> _What needs to be done_
What follows is a set of records. Retype them exactly, leaving out the pictures.

> _Recorded information_
########

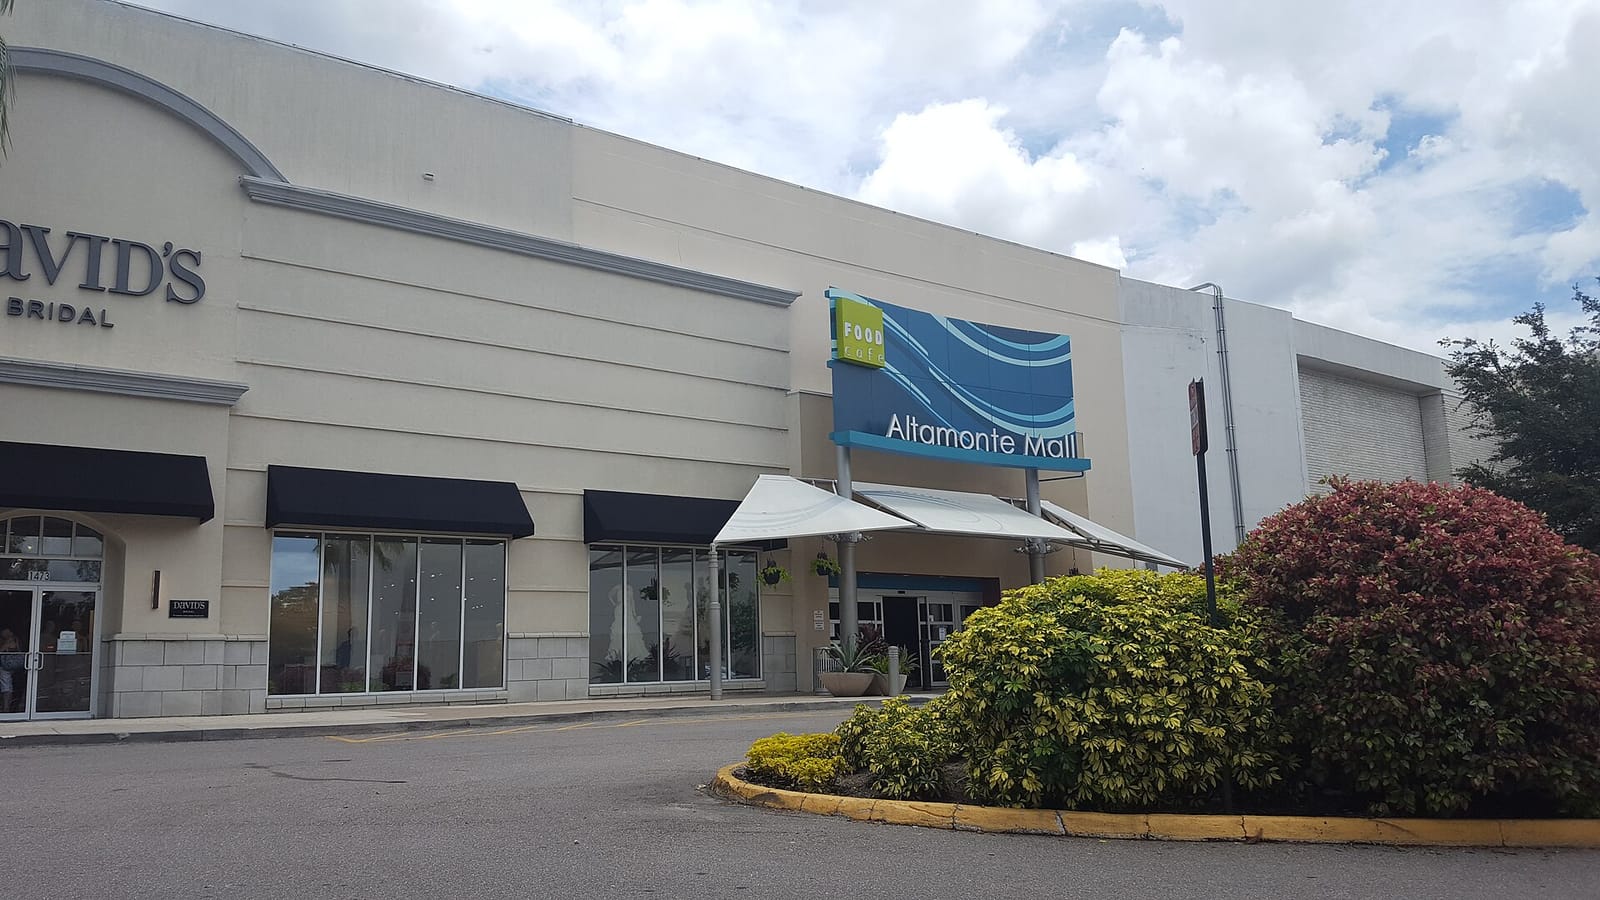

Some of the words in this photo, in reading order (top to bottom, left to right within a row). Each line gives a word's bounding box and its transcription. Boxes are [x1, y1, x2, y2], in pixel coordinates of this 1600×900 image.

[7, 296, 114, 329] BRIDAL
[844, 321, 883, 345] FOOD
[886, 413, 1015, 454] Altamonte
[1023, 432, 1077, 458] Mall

########

> _Result below_
Some of the words in this photo, in reading order (top to bottom, left to right within a row). Each line gives a word's bounding box and its transcription. Boxes are [x1, y1, x2, y2], in pixel coordinates of this 1600×900 image.

[7, 296, 114, 329] BRIDAL
[844, 321, 883, 345] FOOD
[886, 413, 1015, 454] Altamonte
[1023, 432, 1077, 458] Mall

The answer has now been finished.